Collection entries
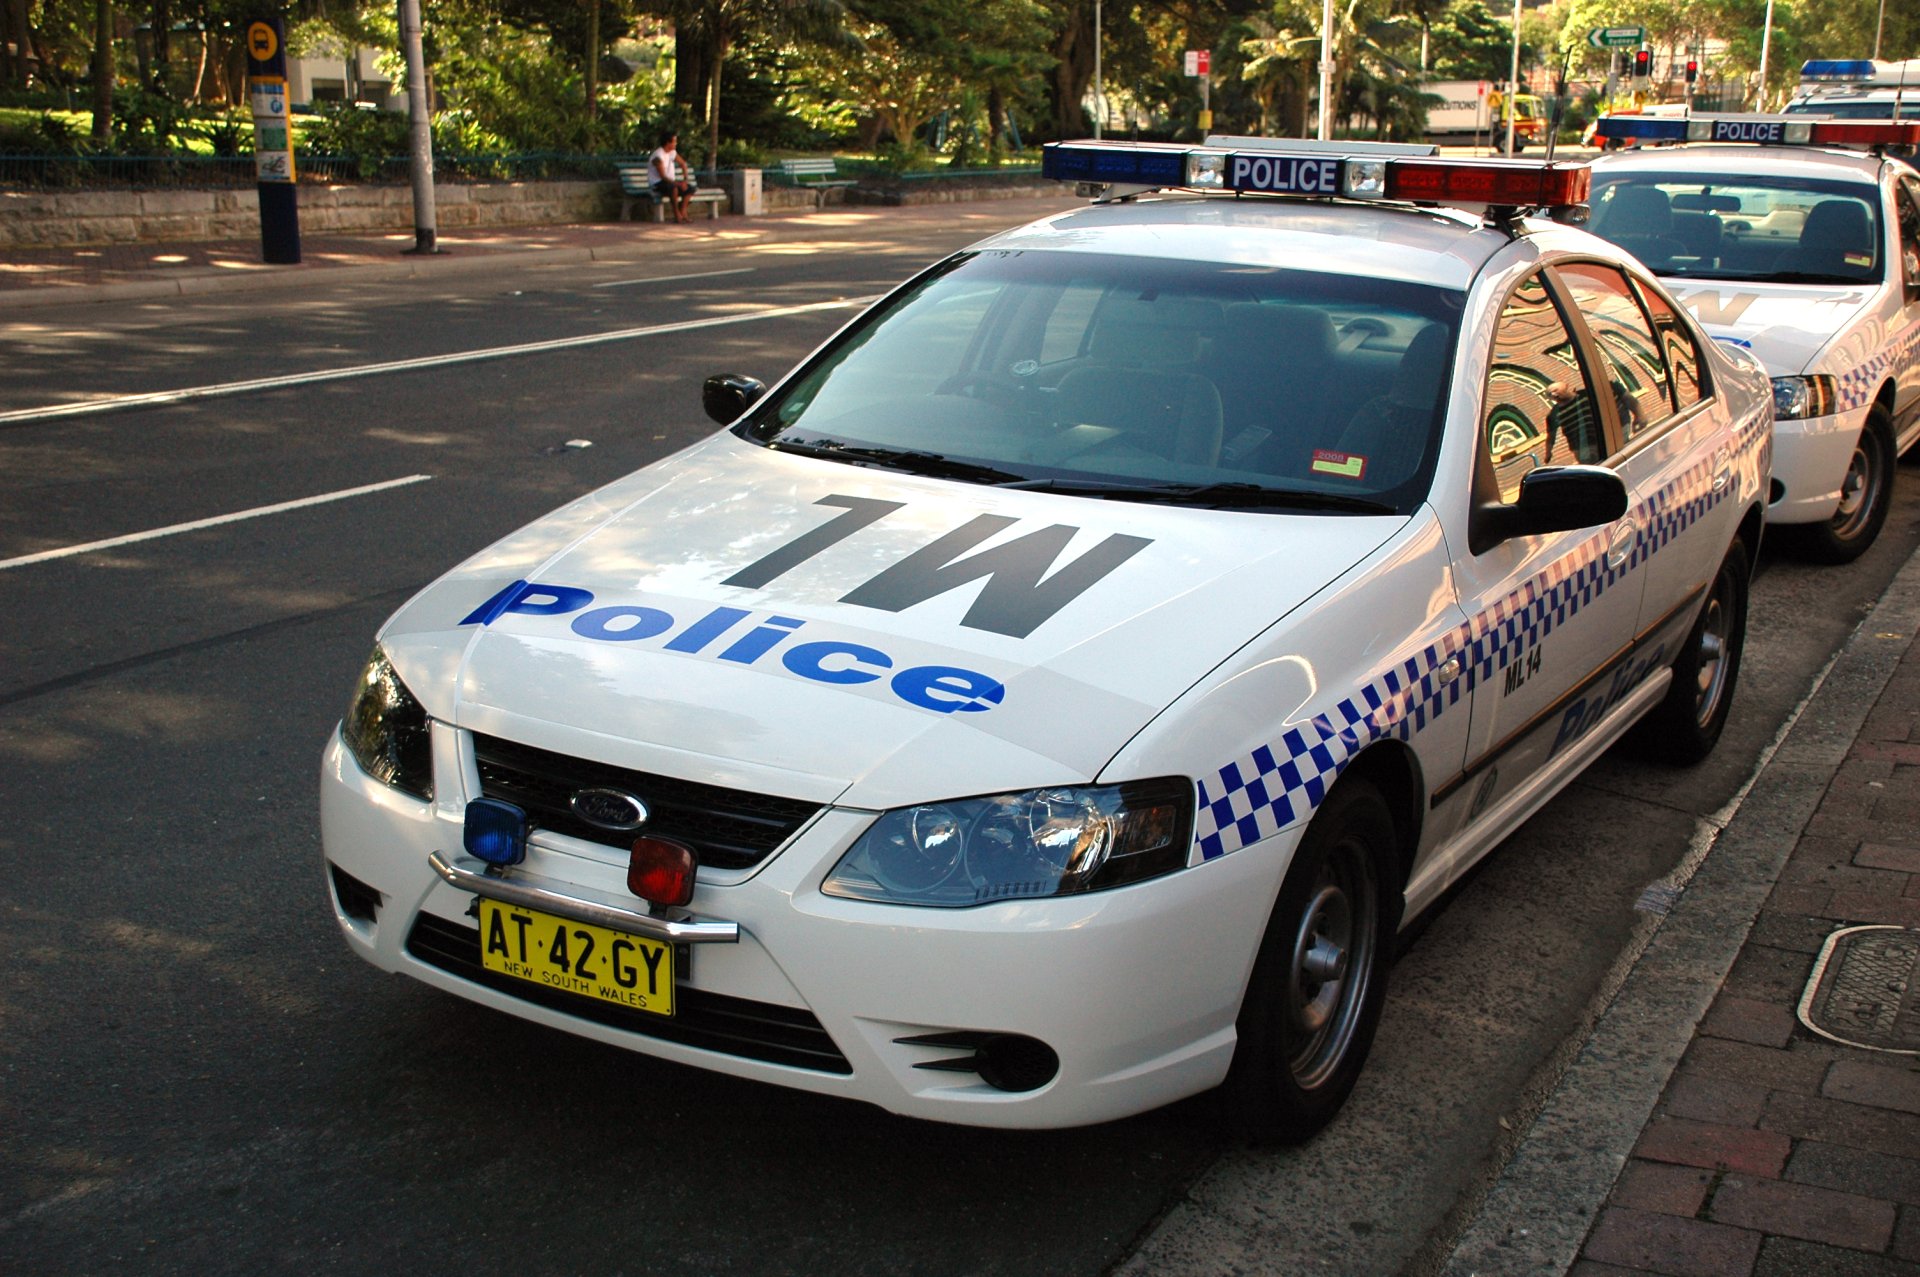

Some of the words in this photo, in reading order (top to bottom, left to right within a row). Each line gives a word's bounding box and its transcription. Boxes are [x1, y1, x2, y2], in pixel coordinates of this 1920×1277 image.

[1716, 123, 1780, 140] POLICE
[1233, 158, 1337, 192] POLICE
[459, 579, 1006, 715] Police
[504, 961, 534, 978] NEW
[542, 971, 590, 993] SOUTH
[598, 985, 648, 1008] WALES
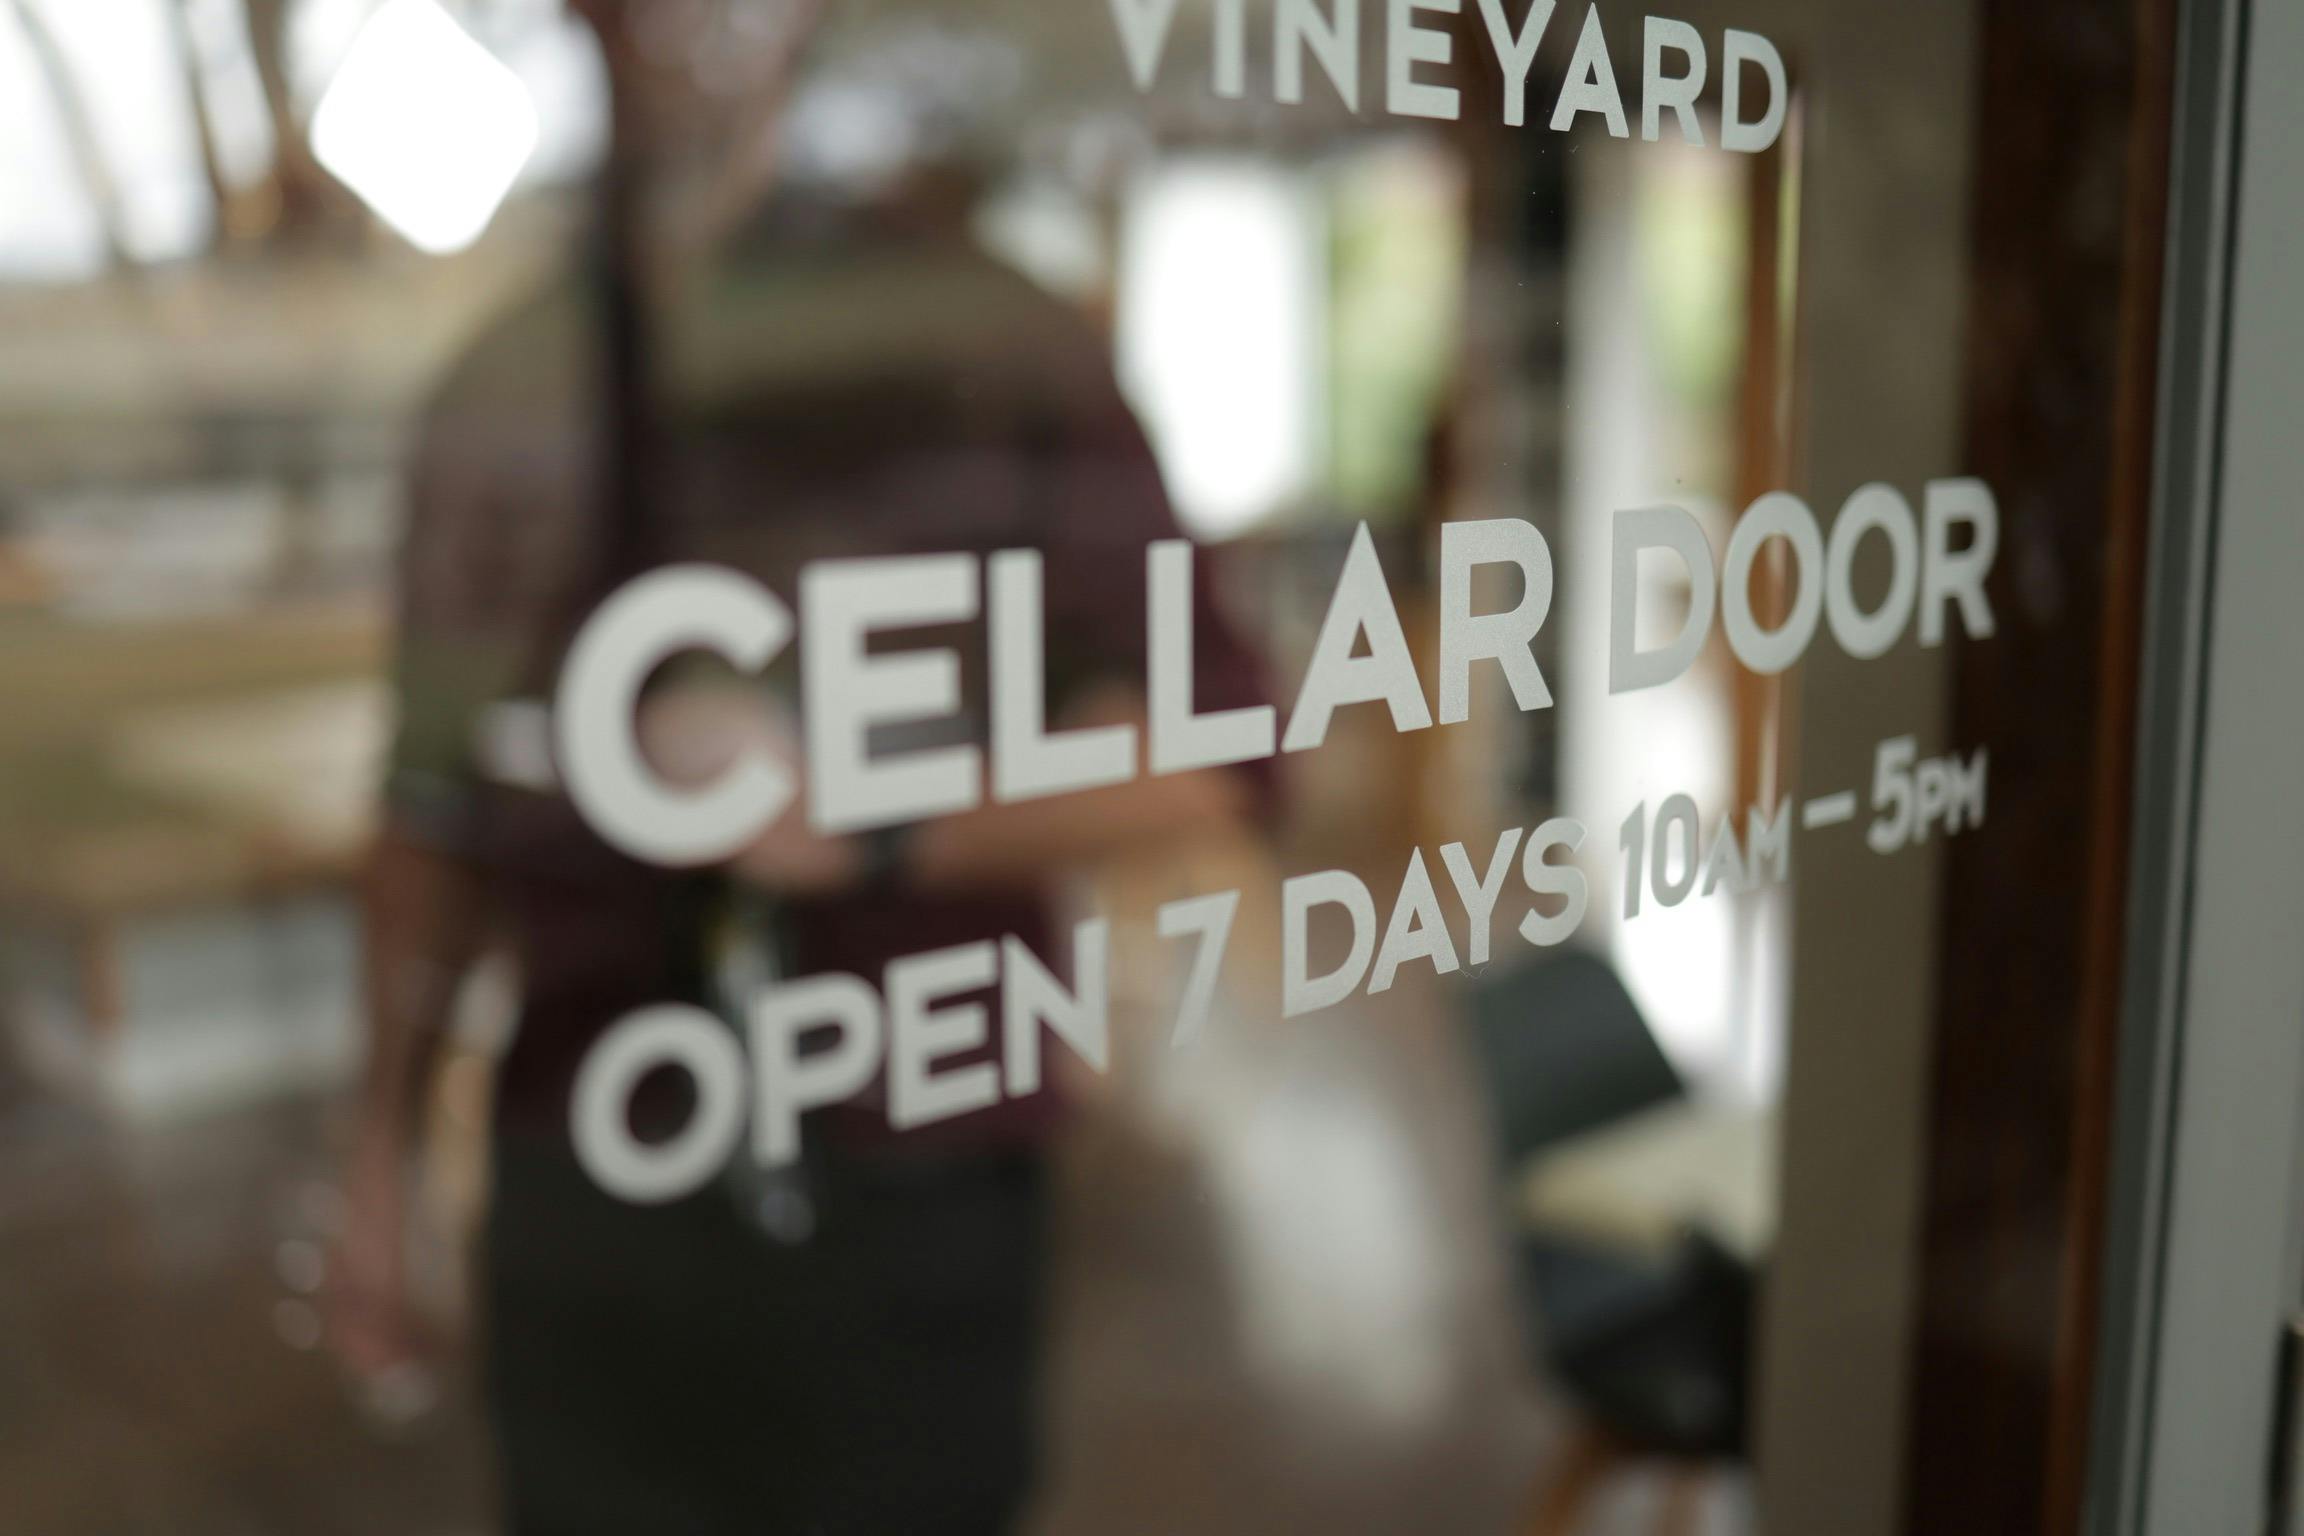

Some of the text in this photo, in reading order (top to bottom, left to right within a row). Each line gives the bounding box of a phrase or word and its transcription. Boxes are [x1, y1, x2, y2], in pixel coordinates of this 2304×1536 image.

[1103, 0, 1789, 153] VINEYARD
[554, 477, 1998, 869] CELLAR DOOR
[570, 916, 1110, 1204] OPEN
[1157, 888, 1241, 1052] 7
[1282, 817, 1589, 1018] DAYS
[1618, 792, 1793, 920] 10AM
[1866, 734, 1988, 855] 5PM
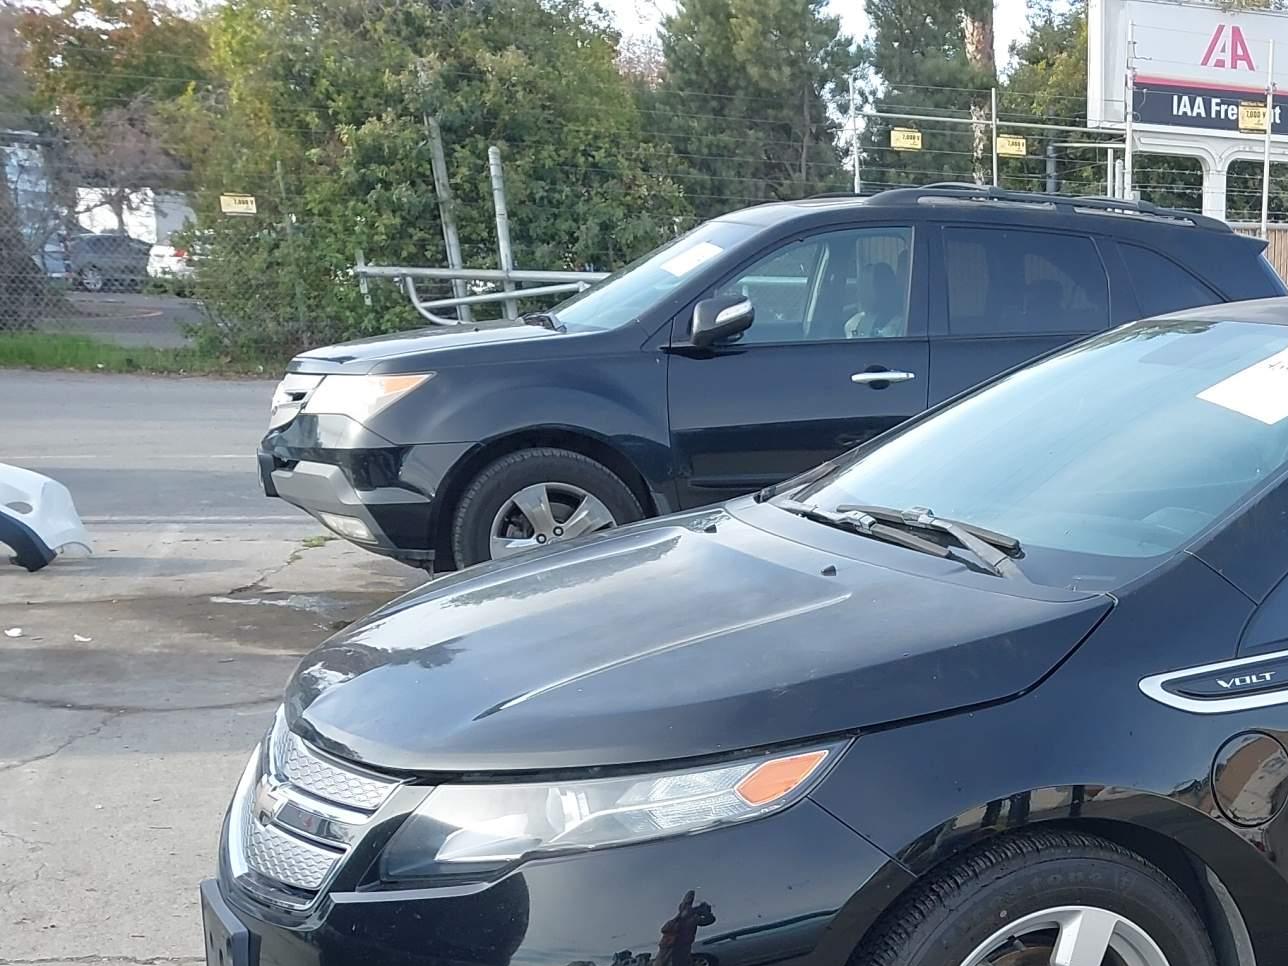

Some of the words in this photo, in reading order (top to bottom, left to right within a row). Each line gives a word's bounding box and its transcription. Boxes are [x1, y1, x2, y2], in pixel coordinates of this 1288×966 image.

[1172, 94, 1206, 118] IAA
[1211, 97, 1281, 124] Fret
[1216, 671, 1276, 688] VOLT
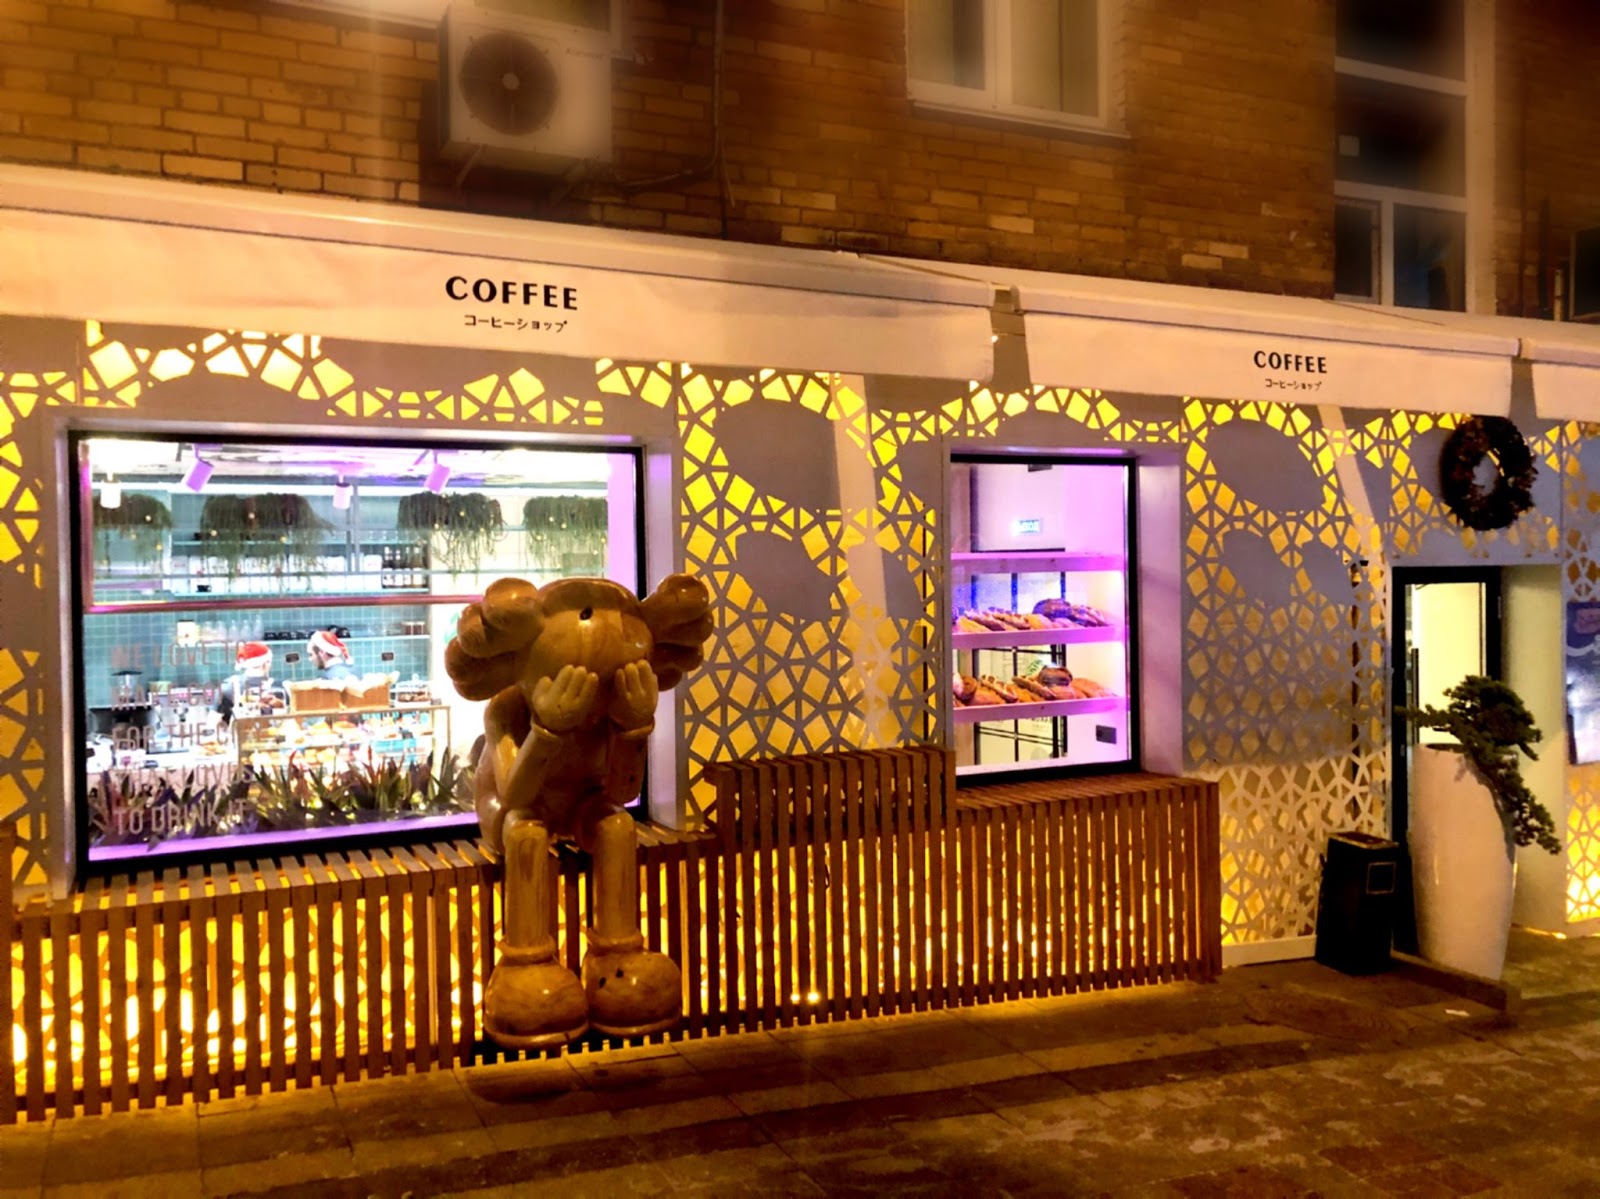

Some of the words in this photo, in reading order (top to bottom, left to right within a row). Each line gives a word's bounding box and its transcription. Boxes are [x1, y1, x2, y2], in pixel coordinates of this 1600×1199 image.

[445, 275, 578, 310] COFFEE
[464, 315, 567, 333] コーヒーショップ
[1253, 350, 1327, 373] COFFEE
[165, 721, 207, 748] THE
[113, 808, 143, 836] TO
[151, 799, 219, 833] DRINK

Work task
Every line above should be duplicated exactly; the pictures are to be left out.

Exercise result
Some of the words in this photo, in reading order (top to bottom, left to right within a row). Each line gives a word's bounding box and its transcription. Boxes are [x1, y1, x2, y2], in pixel coordinates of this 1920×1277 image.

[1716, 123, 1780, 140] POLICE
[1233, 158, 1337, 192] POLICE
[459, 579, 1006, 715] Police
[504, 961, 534, 978] NEW
[542, 971, 590, 993] SOUTH
[598, 985, 648, 1008] WALES

Some of the text in this photo, in reading order (top to bottom, left to right within a row). Each line gives the bounding box of a phrase or word and its transcription. Boxes are [x1, y1, x2, y2], in pixel coordinates of this 2304×1536 image.

[1103, 0, 1789, 153] VINEYARD
[554, 477, 1998, 869] CELLAR DOOR
[570, 916, 1110, 1204] OPEN
[1157, 888, 1241, 1052] 7
[1282, 817, 1589, 1018] DAYS
[1618, 792, 1793, 920] 10AM
[1866, 734, 1988, 855] 5PM

Some of the words in this photo, in reading order (top to bottom, left to right within a row). Each line gives a word's bounding box and its transcription. Boxes are [x1, y1, x2, y2], in pixel coordinates of this 1288×966 image.

[1172, 94, 1206, 118] IAA
[1211, 97, 1281, 124] Fret
[1216, 671, 1276, 688] VOLT

Some of the words in this photo, in reading order (top to bottom, left to right within a row). Each line gives a word's bounding box and its transcription. Boxes are [x1, y1, x2, y2], in pixel coordinates of this 1600×1199 image.

[445, 275, 578, 310] COFFEE
[464, 315, 567, 333] コーヒーショップ
[1253, 350, 1327, 373] COFFEE
[165, 721, 207, 748] THE
[113, 808, 143, 836] TO
[151, 799, 219, 833] DRINK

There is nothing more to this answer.